_About this exercise_.
An exact copy of every record below is required, with the pictures left out.

Spatial localization data:
_ _ _ _ _ _ _

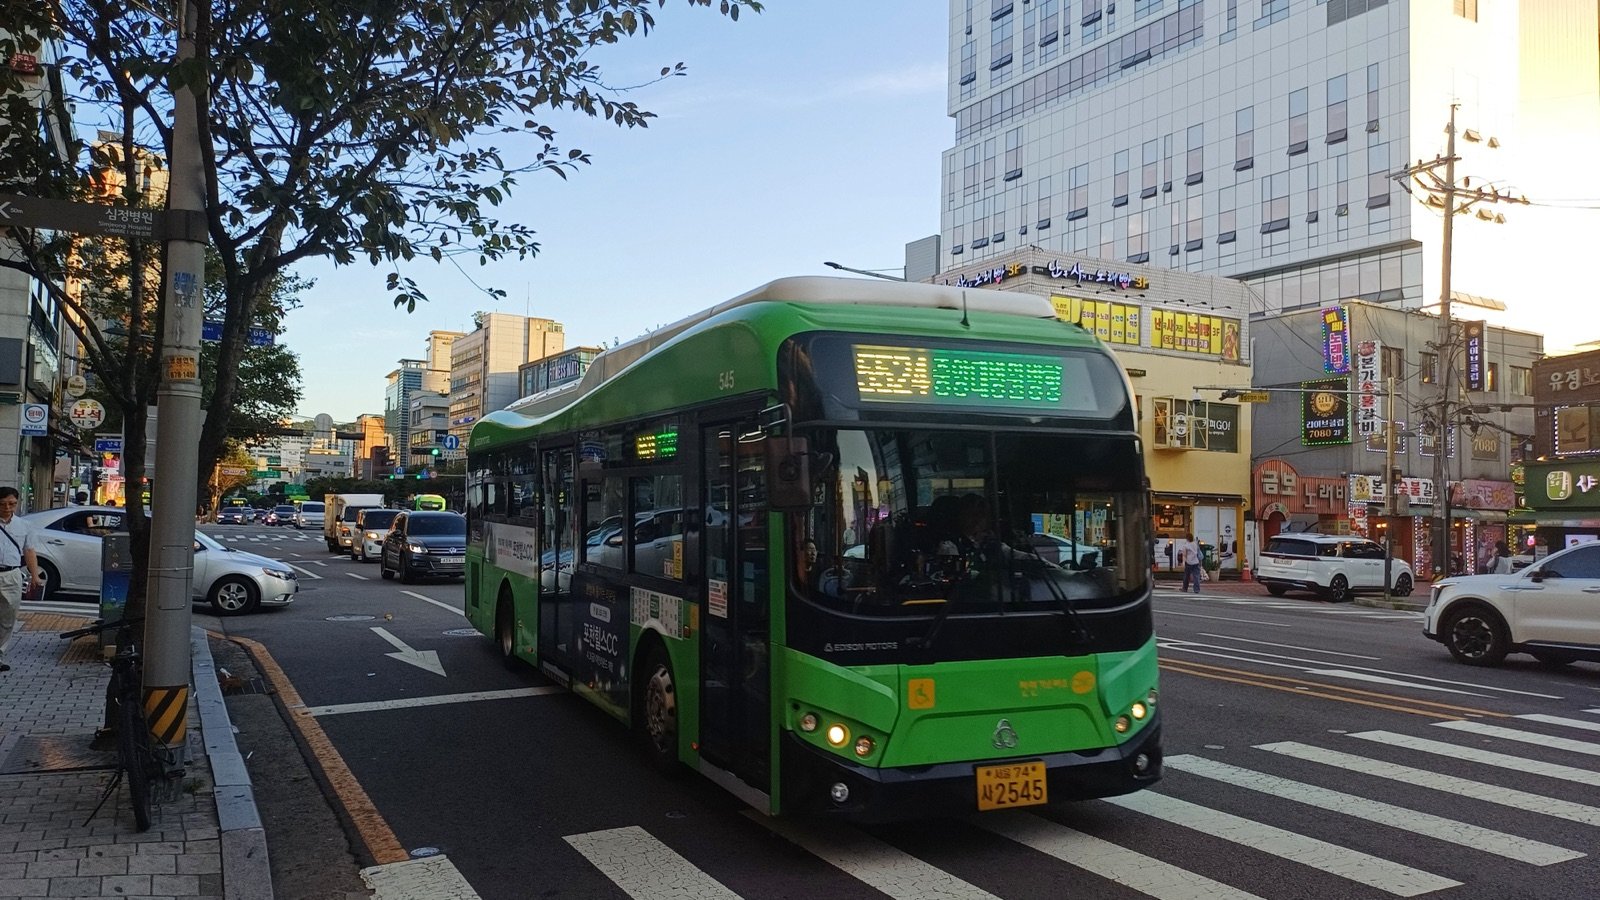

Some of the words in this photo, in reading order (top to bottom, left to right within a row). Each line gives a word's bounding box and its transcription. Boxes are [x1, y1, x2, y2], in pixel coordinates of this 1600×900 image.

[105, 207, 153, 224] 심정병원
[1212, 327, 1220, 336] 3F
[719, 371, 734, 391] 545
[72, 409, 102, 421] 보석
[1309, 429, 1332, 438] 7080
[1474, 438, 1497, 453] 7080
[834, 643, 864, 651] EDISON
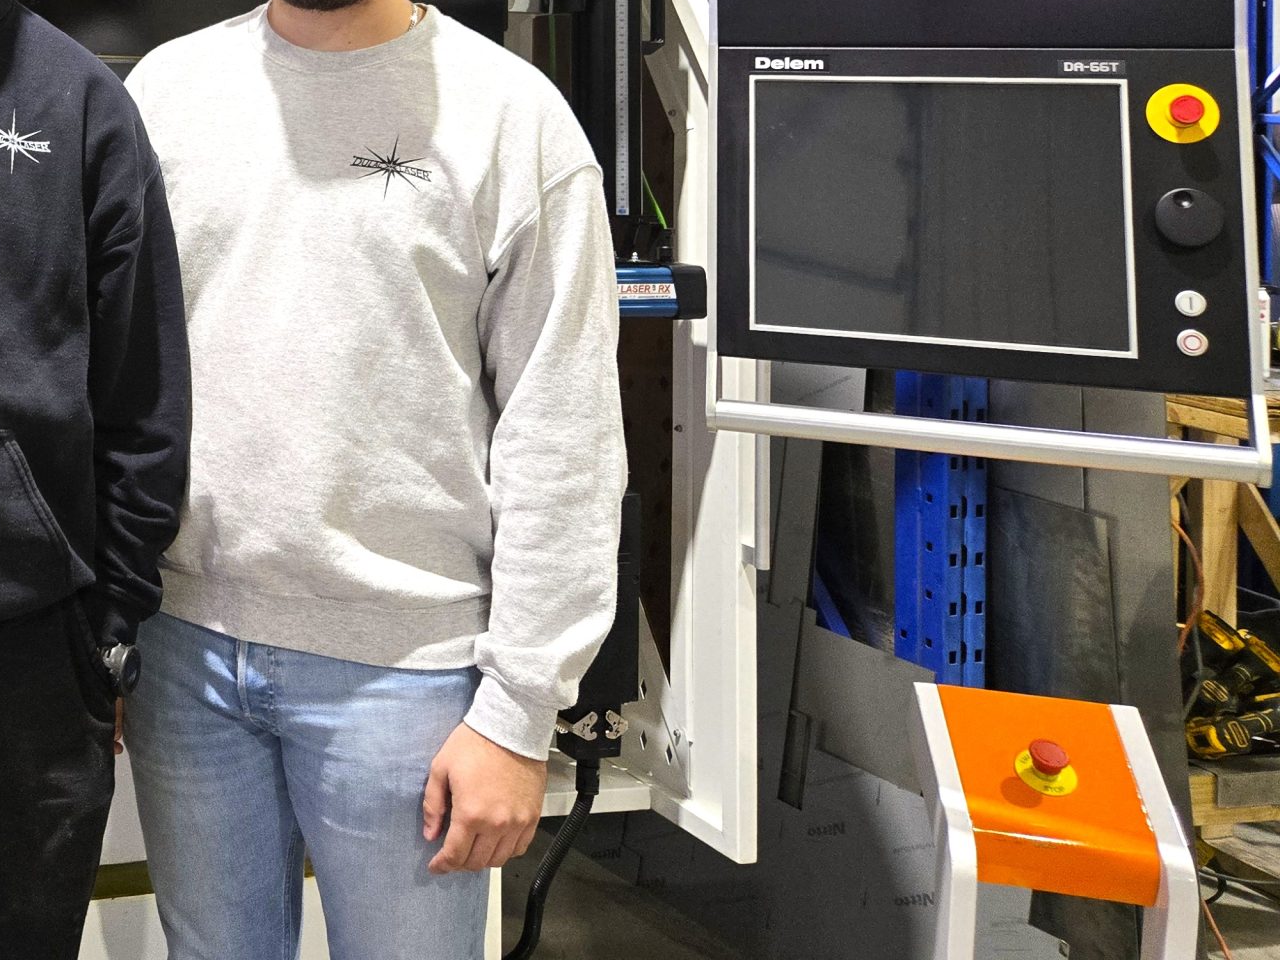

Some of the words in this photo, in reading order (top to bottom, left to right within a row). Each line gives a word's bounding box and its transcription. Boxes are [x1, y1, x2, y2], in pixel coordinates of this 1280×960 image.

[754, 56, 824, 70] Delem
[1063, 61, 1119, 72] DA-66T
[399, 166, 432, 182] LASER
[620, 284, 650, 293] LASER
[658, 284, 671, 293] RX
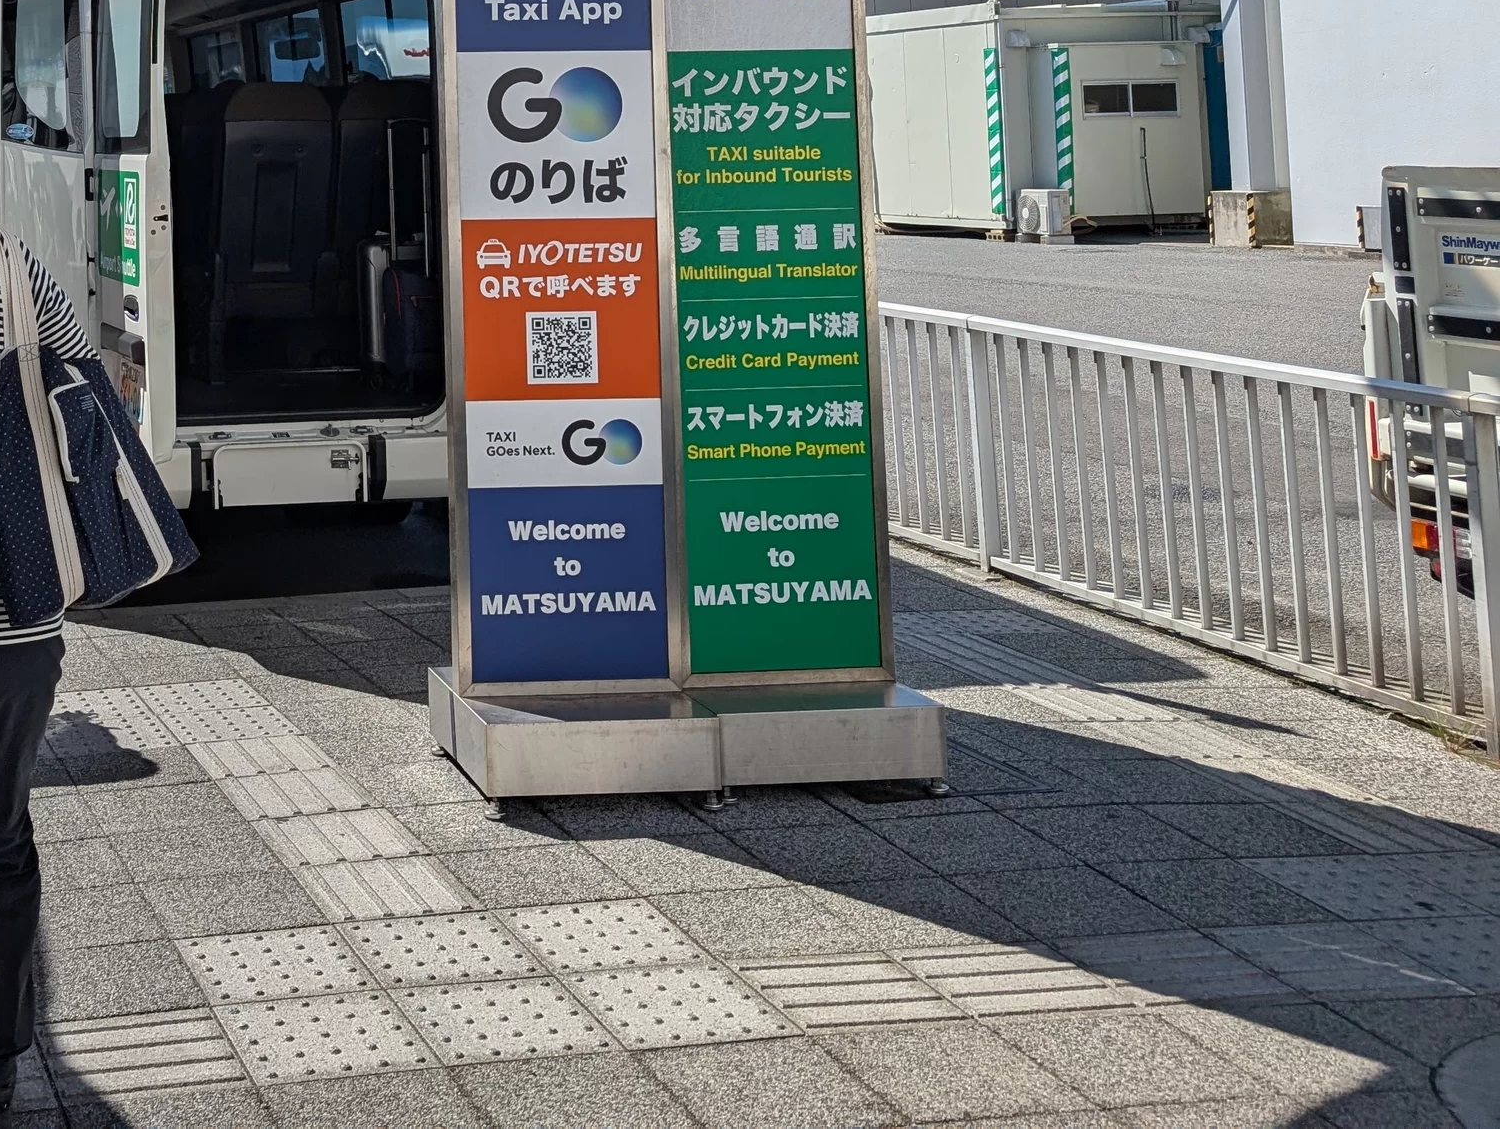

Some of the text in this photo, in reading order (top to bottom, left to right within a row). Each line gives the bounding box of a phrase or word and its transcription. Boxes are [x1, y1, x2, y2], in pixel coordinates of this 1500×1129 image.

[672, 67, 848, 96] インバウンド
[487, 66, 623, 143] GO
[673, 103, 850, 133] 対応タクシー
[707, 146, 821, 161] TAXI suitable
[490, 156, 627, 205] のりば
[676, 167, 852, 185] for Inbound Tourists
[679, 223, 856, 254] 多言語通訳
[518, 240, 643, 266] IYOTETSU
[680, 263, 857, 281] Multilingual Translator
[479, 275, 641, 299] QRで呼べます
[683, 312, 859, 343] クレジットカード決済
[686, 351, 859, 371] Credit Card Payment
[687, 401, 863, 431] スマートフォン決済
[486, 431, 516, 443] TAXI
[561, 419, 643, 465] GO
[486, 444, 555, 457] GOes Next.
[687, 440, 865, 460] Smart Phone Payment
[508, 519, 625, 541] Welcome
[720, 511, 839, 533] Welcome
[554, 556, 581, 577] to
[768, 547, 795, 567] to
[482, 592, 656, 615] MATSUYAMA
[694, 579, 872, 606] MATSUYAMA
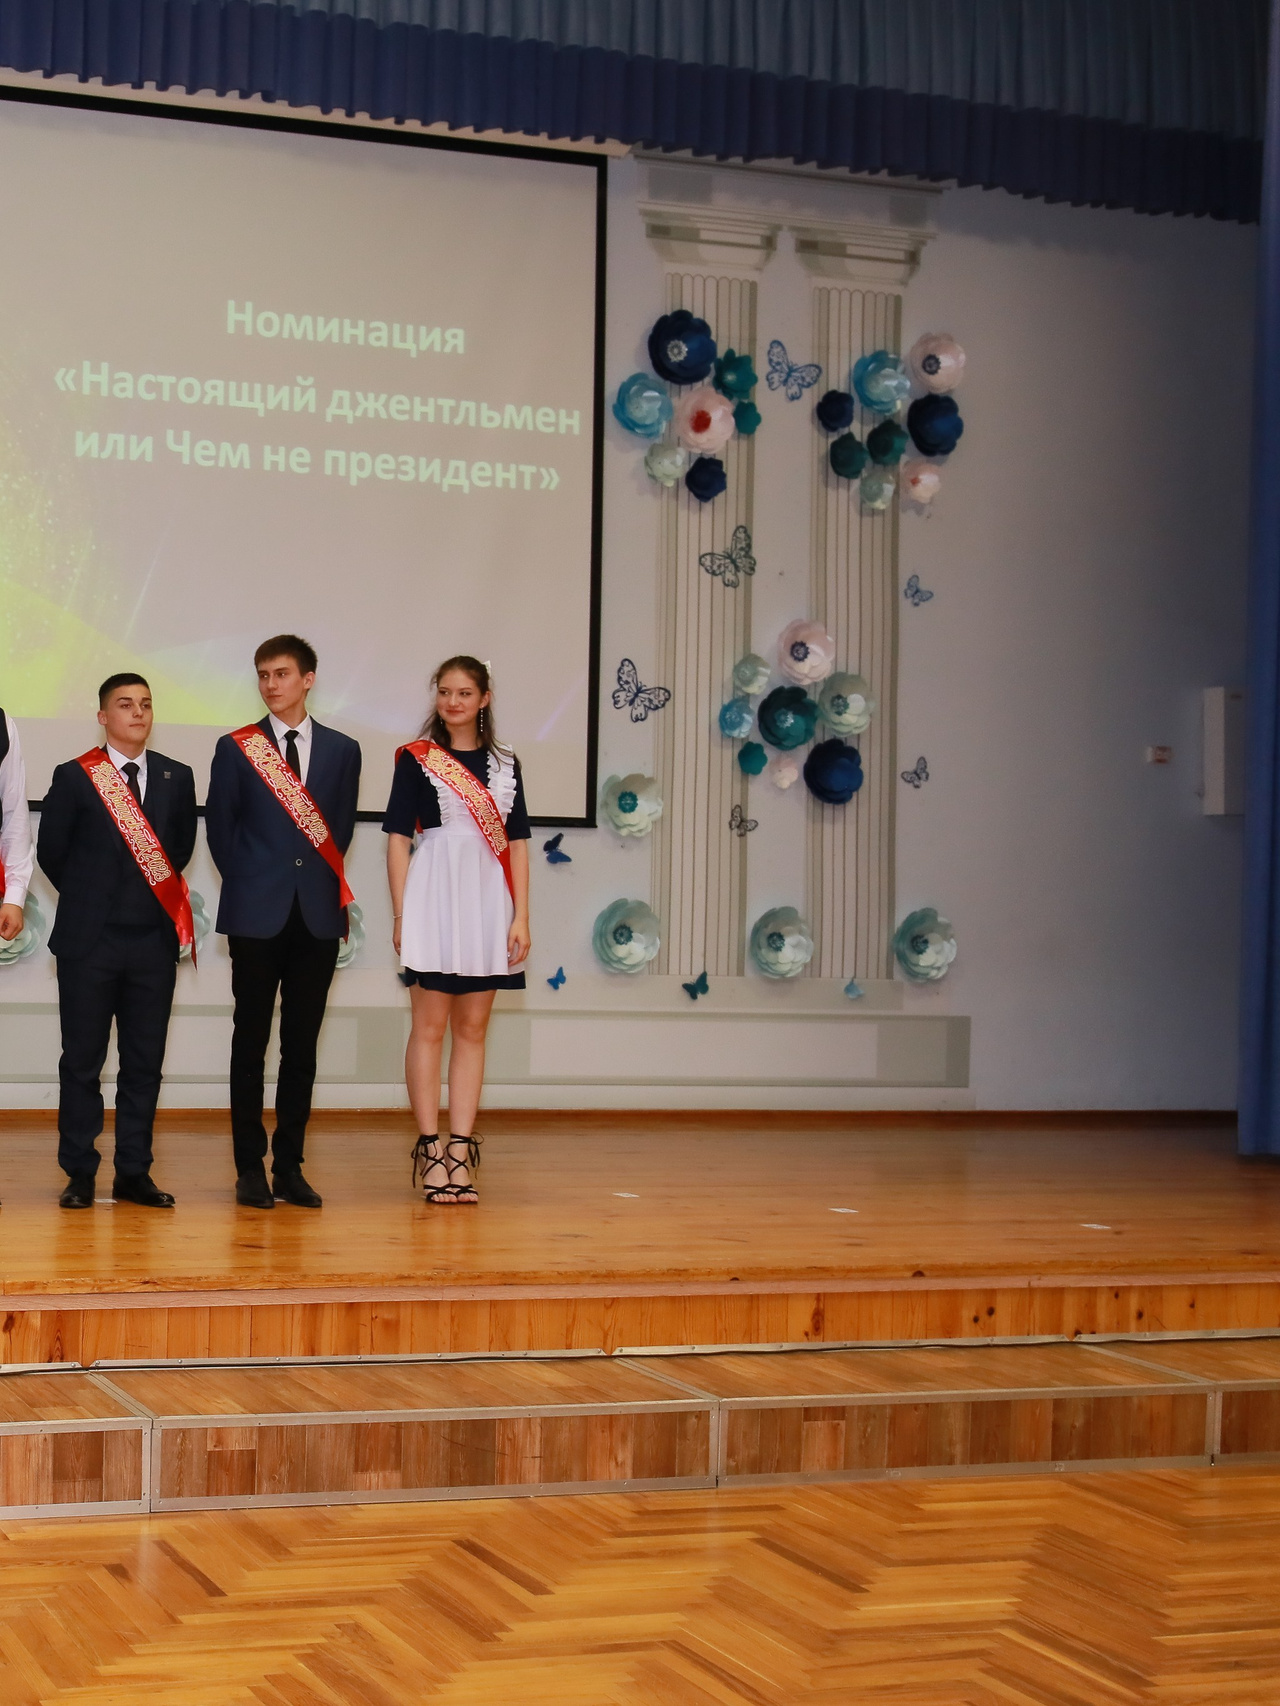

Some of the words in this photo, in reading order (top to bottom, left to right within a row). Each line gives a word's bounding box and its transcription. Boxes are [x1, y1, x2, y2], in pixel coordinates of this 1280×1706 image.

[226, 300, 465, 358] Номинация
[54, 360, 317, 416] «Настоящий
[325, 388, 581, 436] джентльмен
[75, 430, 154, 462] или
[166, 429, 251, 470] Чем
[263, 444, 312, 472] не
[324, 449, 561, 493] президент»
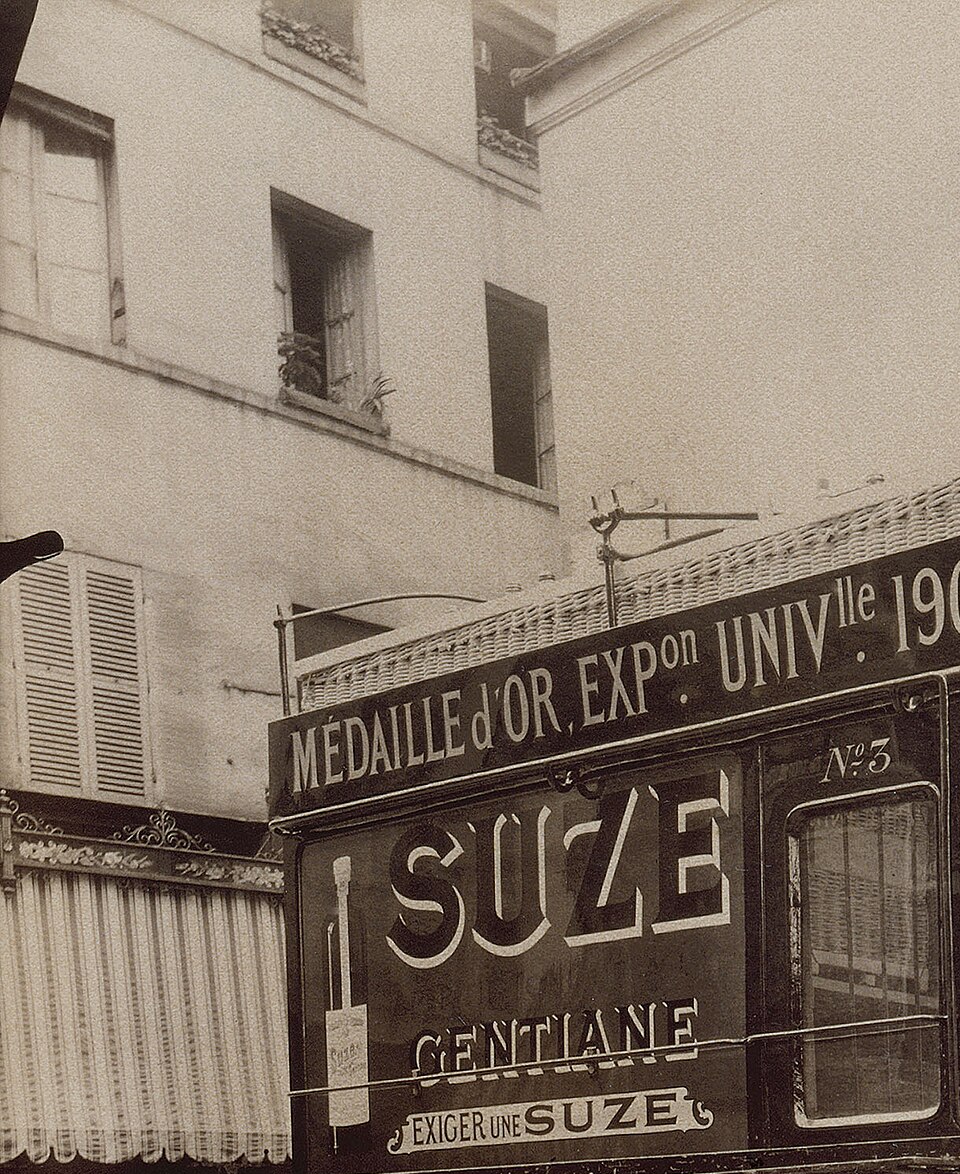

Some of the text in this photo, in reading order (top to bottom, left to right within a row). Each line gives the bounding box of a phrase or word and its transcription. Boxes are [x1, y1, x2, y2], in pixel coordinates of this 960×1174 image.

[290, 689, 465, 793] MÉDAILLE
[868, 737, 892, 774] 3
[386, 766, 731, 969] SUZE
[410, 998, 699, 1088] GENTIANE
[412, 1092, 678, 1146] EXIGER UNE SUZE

_ _ _ _ _ _ _

_Exercise answer_.
Some of the words in this photo, in reading order (top to bottom, left to right within a row). Each line gives a word's bounding box and its transcription. Boxes are [x1, y1, x2, y2], in pixel coordinates of this 1600×900 image.

[105, 207, 153, 224] 심정병원
[1212, 327, 1220, 336] 3F
[719, 371, 734, 391] 545
[72, 409, 102, 421] 보석
[1309, 429, 1332, 438] 7080
[1474, 438, 1497, 453] 7080
[834, 643, 864, 651] EDISON

Some of the words in this photo, in reading order (top to bottom, left to right within a row). Each line gives a word's bounding box and its transcription. Boxes are [x1, y1, x2, y2], in pixel coordinates of this 1280×960 image.

[754, 56, 824, 70] Delem
[1063, 61, 1119, 72] DA-66T
[399, 166, 432, 182] LASER
[620, 284, 650, 293] LASER
[658, 284, 671, 293] RX

Some of the text in this photo, in reading order (top to bottom, left to right within a row). Each line gives the bounding box of a phrase or word and its transcription. Boxes are [x1, y1, x2, y2], in pixel coordinates of this 1500×1129 image.

[672, 67, 848, 96] インバウンド
[487, 66, 623, 143] GO
[673, 103, 850, 133] 対応タクシー
[707, 146, 821, 161] TAXI suitable
[490, 156, 627, 205] のりば
[676, 167, 852, 185] for Inbound Tourists
[679, 223, 856, 254] 多言語通訳
[518, 240, 643, 266] IYOTETSU
[680, 263, 857, 281] Multilingual Translator
[479, 275, 641, 299] QRで呼べます
[683, 312, 859, 343] クレジットカード決済
[686, 351, 859, 371] Credit Card Payment
[687, 401, 863, 431] スマートフォン決済
[486, 431, 516, 443] TAXI
[561, 419, 643, 465] GO
[486, 444, 555, 457] GOes Next.
[687, 440, 865, 460] Smart Phone Payment
[508, 519, 625, 541] Welcome
[720, 511, 839, 533] Welcome
[554, 556, 581, 577] to
[768, 547, 795, 567] to
[482, 592, 656, 615] MATSUYAMA
[694, 579, 872, 606] MATSUYAMA

Some of the words in this photo, in reading order (top to bottom, left to right within a row). Each line gives a word's bounding box and its transcription. Boxes are [x1, y1, x2, y2], in pixel coordinates of this 1280×1706 image.

[226, 300, 465, 358] Номинация
[54, 360, 317, 416] «Настоящий
[325, 388, 581, 436] джентльмен
[75, 430, 154, 462] или
[166, 429, 251, 470] Чем
[263, 444, 312, 472] не
[324, 449, 561, 493] президент»

Some of the text in this photo, in reading order (top to bottom, left to right within a row). Each line gives the bounding box of a phrase or word and its transcription. Boxes are [x1, y1, x2, y2], in pixel coordinates of this 960×1174 image.

[290, 689, 465, 793] MÉDAILLE
[868, 737, 892, 774] 3
[386, 766, 731, 969] SUZE
[410, 998, 699, 1088] GENTIANE
[412, 1092, 678, 1146] EXIGER UNE SUZE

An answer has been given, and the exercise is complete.